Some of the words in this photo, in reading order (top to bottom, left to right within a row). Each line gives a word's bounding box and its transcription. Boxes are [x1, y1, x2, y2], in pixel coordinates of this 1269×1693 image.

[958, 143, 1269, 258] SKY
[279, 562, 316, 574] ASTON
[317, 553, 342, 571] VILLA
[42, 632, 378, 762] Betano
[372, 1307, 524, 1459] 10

### TO DO
The answer must be the full listing, returned exactly as given.

### ANSWER
Some of the words in this photo, in reading order (top to bottom, left to right within a row). Each line gives a word's bounding box and its transcription. Boxes are [x1, y1, x2, y2], in pixel coordinates of this 1269×1693 image.

[958, 143, 1269, 258] SKY
[279, 562, 316, 574] ASTON
[317, 553, 342, 571] VILLA
[42, 632, 378, 762] Betano
[372, 1307, 524, 1459] 10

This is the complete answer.